• TASK STATEMENT:
In the material below, the lines to reproduce exactly are the one containing "this 2212×1659 image." and all lines after it through the last.

########

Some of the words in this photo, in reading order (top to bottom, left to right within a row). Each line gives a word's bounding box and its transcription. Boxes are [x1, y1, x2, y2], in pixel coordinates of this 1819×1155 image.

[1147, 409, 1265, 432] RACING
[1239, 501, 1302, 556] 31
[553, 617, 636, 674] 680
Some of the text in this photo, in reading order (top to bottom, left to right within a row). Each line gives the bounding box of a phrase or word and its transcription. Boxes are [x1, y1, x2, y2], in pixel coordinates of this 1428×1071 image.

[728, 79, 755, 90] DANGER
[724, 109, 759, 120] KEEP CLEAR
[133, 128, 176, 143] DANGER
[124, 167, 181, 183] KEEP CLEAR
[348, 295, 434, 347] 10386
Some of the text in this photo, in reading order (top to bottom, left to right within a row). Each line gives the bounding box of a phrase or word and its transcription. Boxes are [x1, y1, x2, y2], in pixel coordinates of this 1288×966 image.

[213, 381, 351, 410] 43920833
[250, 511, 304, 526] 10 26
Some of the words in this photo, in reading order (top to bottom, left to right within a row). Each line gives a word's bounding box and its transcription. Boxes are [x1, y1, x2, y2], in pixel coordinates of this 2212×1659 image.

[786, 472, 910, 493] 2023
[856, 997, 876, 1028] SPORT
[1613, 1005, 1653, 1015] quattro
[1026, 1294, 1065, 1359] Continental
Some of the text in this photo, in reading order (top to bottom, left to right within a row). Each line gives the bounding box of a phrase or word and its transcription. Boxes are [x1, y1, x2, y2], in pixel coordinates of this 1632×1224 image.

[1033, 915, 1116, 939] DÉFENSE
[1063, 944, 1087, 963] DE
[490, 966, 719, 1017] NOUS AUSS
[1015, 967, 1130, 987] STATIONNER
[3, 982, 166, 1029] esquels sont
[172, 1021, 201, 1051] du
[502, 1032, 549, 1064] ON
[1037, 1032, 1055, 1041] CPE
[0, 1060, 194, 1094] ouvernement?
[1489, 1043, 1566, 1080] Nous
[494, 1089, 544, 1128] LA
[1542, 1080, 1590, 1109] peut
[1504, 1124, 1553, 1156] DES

########

• THE ANSWER:
Some of the words in this photo, in reading order (top to bottom, left to right within a row). Each line gives a word's bounding box and its transcription. Boxes are [x1, y1, x2, y2], in pixel coordinates of this 2212×1659 image.

[786, 472, 910, 493] 2023
[856, 997, 876, 1028] SPORT
[1613, 1005, 1653, 1015] quattro
[1026, 1294, 1065, 1359] Continental
Some of the text in this photo, in reading order (top to bottom, left to right within a row). Each line gives the bounding box of a phrase or word and its transcription. Boxes are [x1, y1, x2, y2], in pixel coordinates of this 1632×1224 image.

[1033, 915, 1116, 939] DÉFENSE
[1063, 944, 1087, 963] DE
[490, 966, 719, 1017] NOUS AUSS
[1015, 967, 1130, 987] STATIONNER
[3, 982, 166, 1029] esquels sont
[172, 1021, 201, 1051] du
[502, 1032, 549, 1064] ON
[1037, 1032, 1055, 1041] CPE
[0, 1060, 194, 1094] ouvernement?
[1489, 1043, 1566, 1080] Nous
[494, 1089, 544, 1128] LA
[1542, 1080, 1590, 1109] peut
[1504, 1124, 1553, 1156] DES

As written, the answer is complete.